Now is the time leadership spends to integrate, train, and utilize new tools to help scale efforts and adapt to the latest changes in content, SEO, ads, and more. It’s also the right time to talk about how well we’re using the martech stack and what will get in the way in the coming months. It’s time to learn and optimize.
You can easily find guides and lists of the must-have tools for your stack, so instead, we’re going to look at the practices and procedures impacting your team’s ability to use what you have. These missteps and errors can get in the way (and addressing these concerns can give you a bump) regardless of tool or stack.
Data cleanup isn’t a priority
It takes expertise to ensure that software is capturing and understanding data correctly, as well as expertise to ensure teams are successfully using the insight delivered by the martech stack.
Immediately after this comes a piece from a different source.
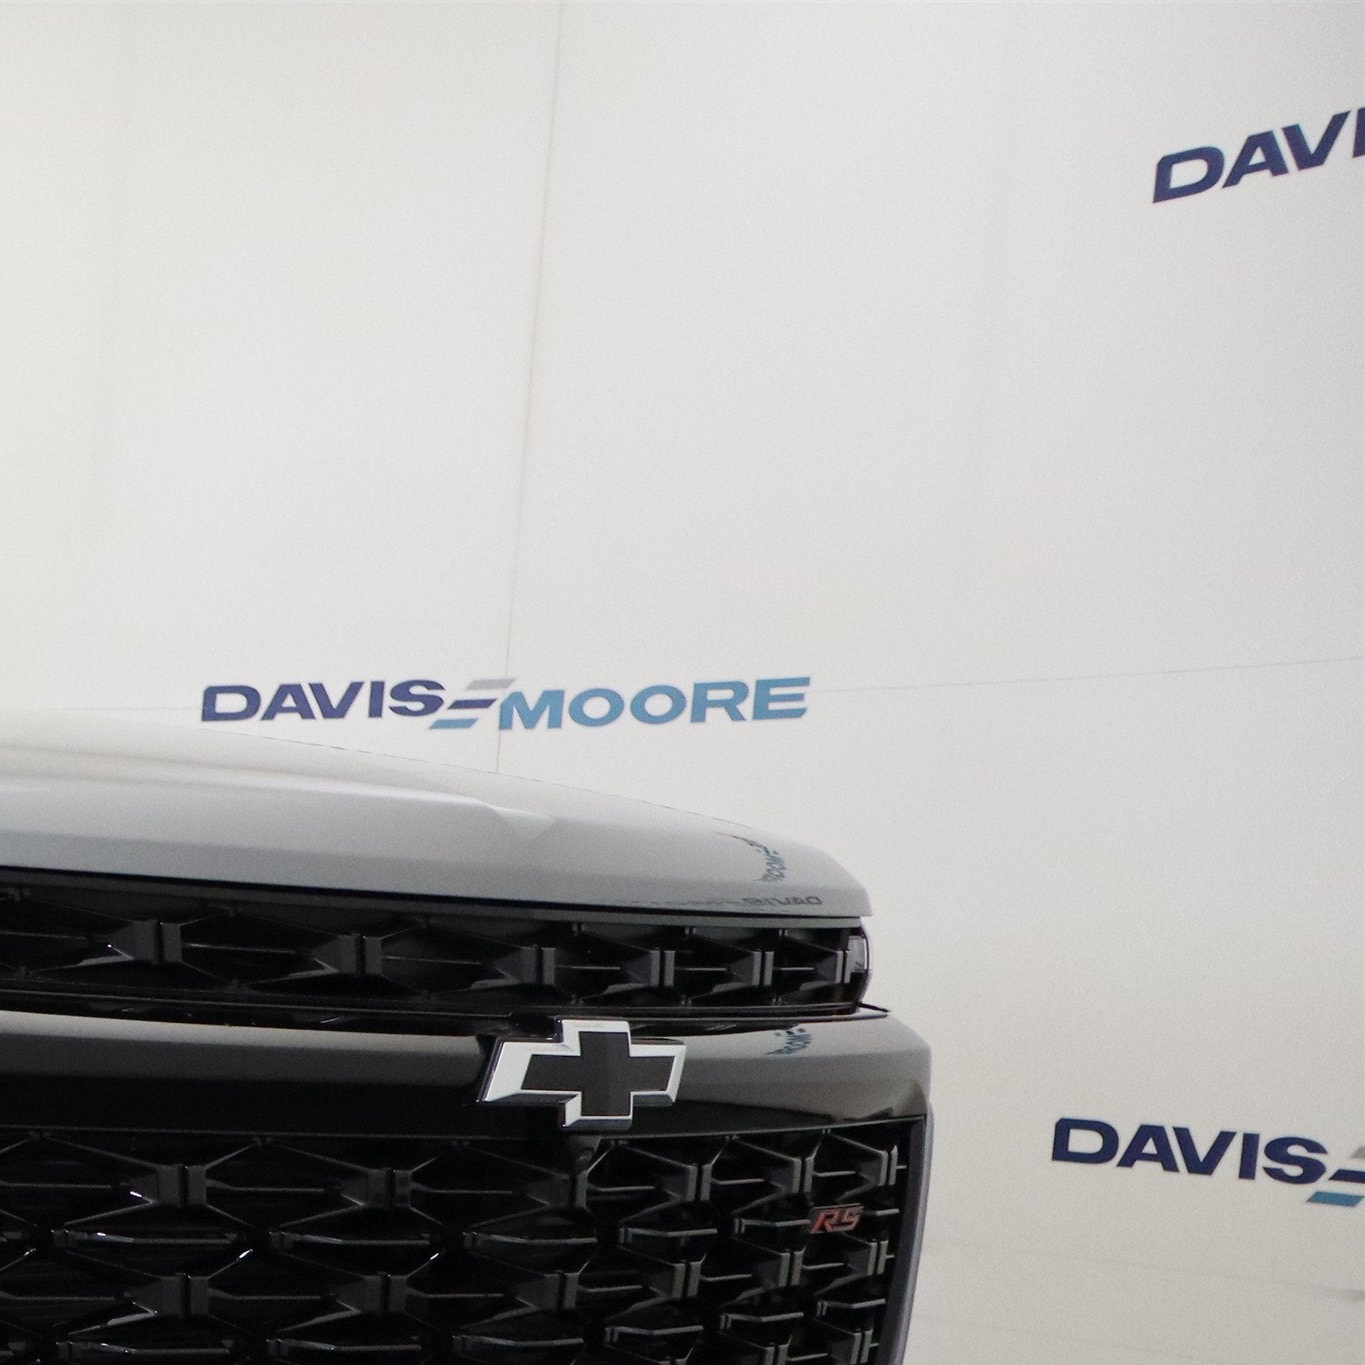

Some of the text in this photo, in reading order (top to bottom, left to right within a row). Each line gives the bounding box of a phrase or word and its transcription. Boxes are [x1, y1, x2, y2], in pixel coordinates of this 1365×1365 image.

[1152, 106, 1365, 204] DAVI
[200, 676, 811, 731] DAVIS MOORE
[1051, 1117, 1329, 1186] DAVIS
[809, 1203, 863, 1235] RS
Inconsistent data quality, whether from tools or techniques, means your team can’t rely on the insights generated. As an industry, we’re laser-focused on acquiring data. This can put understanding data on the back burner, and lack of training on tools means a company might not know if it can trust data quality until it’s too late.
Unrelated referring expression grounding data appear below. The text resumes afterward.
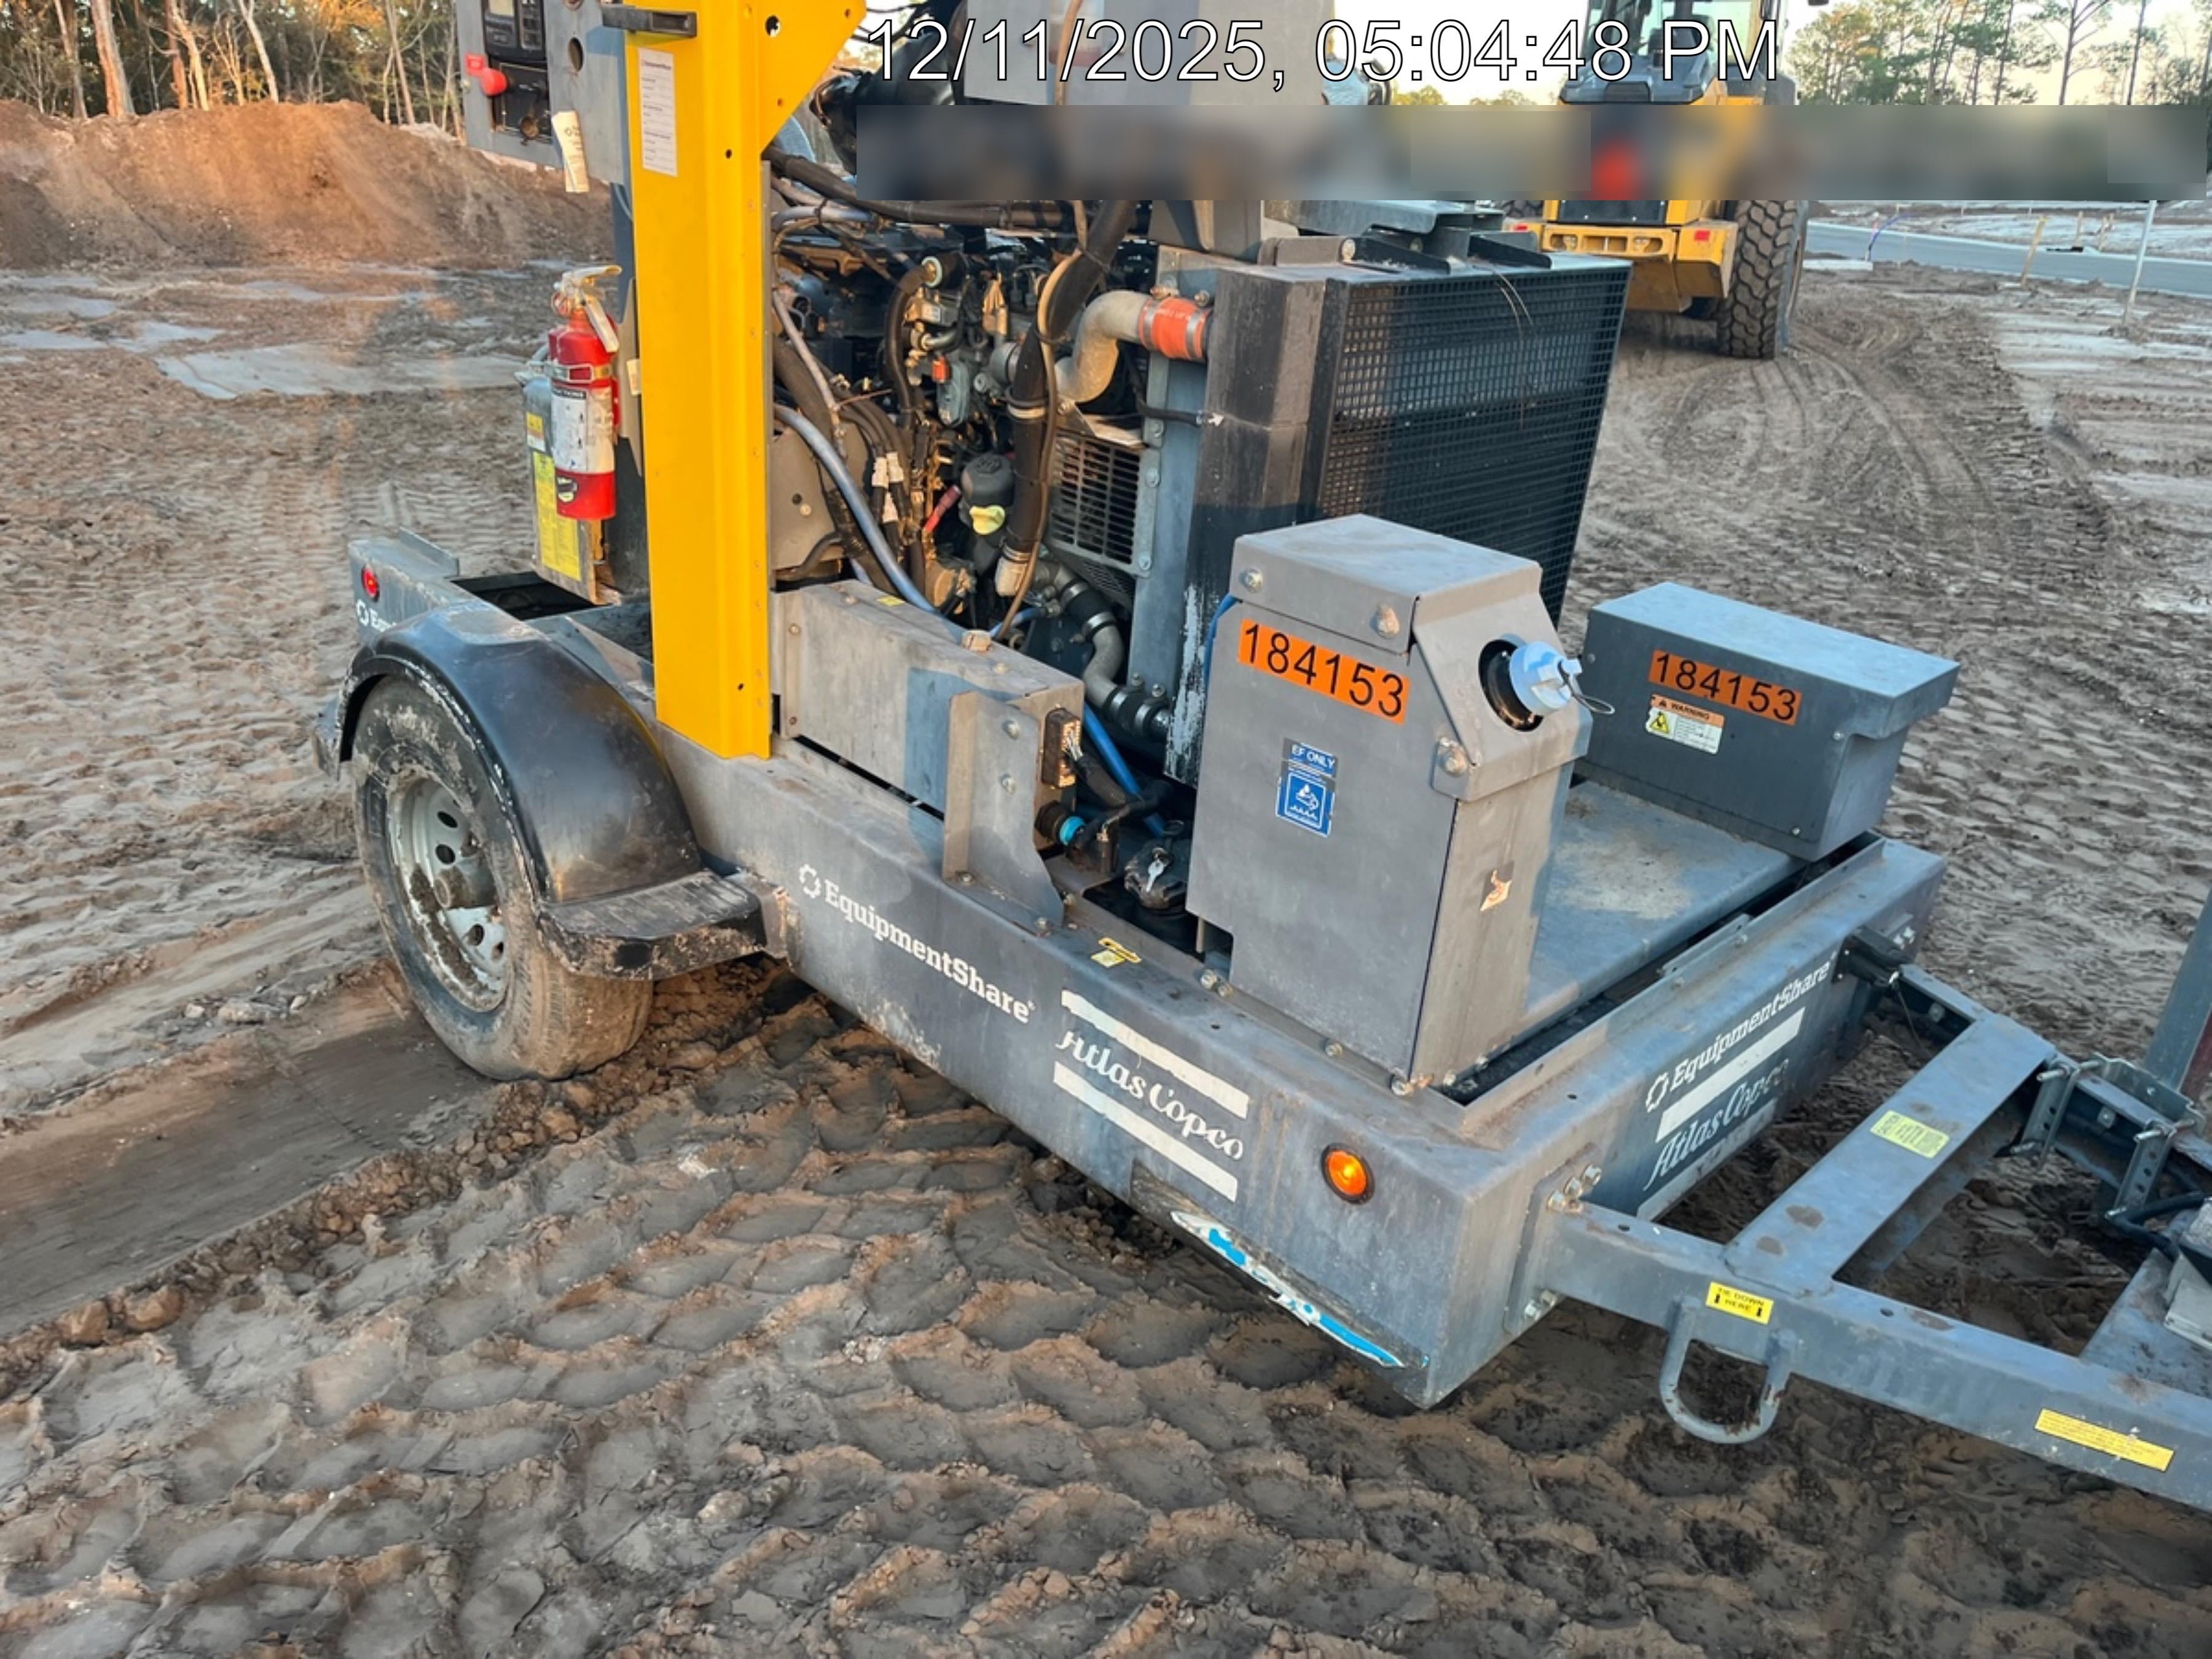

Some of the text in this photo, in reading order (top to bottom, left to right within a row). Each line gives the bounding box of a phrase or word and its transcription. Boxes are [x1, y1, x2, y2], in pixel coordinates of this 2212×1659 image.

[1245, 624, 1404, 718] 184153
[1657, 654, 1796, 721] 184153
[1671, 703, 1709, 720] WARNING
[1306, 751, 1335, 769] ONLY
[1054, 1029, 1244, 1161] Atlas Copco
[1642, 1108, 1723, 1192] Atlas
[1725, 1299, 1751, 1311] HERE
For example, data used to build audiences and create buyer personas and then execute campaigns can do significant harm when it isn’t correct. You’re targeting the wrong identities on channels and with the spend, minimizing returns, and creating the potential for very unhappy customers who want refunds, harming long-term viability and CLVs.
CMOs must look for ways to integrate target identities, validate data, and test models to prevent this, especially when they have multiple data sources. This aim is one reason many new additions to stacks tout integration capabilities across data, tools, and communication.
Integrations are a boon for every marketer, especially when using APIs is simple. Unfortunately, if your data isn’t valid in one platform, it expands the reach of that issue with each integration due to data contamination.
Experts are stretched thin across tools
It feels like daily a new tool gets added to the existing stack. Every new option also makes big claims, and it’s hard not to get sucked in by the promise of greater efficiency, better reach and leads, or fewer cart abandons for e-commerce companies.
At the same time, inward-facing tools are also multiplying. If you’re working with multiple stakeholders (at your company or across many clients), you’ve probably had to use Asana, Slack, Basecamp, and custom CRMs, along with with Dropbox, Google Drive, plus a host of online meeting tools.
That list — and likely your list if you write down everything in your stack — duplicate a lot of work. They also come with their own logins, UIs to learn, reporting and analytics to manage, and notification tools. When a stack requires significant training across systems that can do the same thing, your team is wasting time, and you’re likely spending too much on licensing.
If you’re managing remote workers and teams, for example, you need video recording and editing solutions for sharing information and training. Look for opportunities where a single platform can support this as well as generate content used by sales and customer support teams. There’s no need for multiple screen recording or snipping tools across your martech stack or your company’s divisions.
To utilize your stack to its fullest potential, you first need to cut away the excess. Then, you’ll need to train your team and give them time to use the tech right.
Slow down, take a minute, and plan
Sometimes the thing that gets in the way the most is us. We’re getting too busy focused on using a tool and trying a tactic without first understanding it. When marketers don’t plan, they make simple but costly mistakes.
Mistakes can be complicated — such as using the wrong dataset to create a lookalike audience — with cascading impacts, or high-level confusion that wastes efforts. One common mix-up is confusing market and user research methodologies, where the stack helps automate but can quickly cause reliance on the wrong data or sample set.
When you use your martech stack, create a plan with clear goals and requirements. Establish how you’ll audit data and results — during and after the process — and give your team a minute to breathe. Taking time ensures you apply data and tools correctly, which can make even a small stackable to create a significant impact.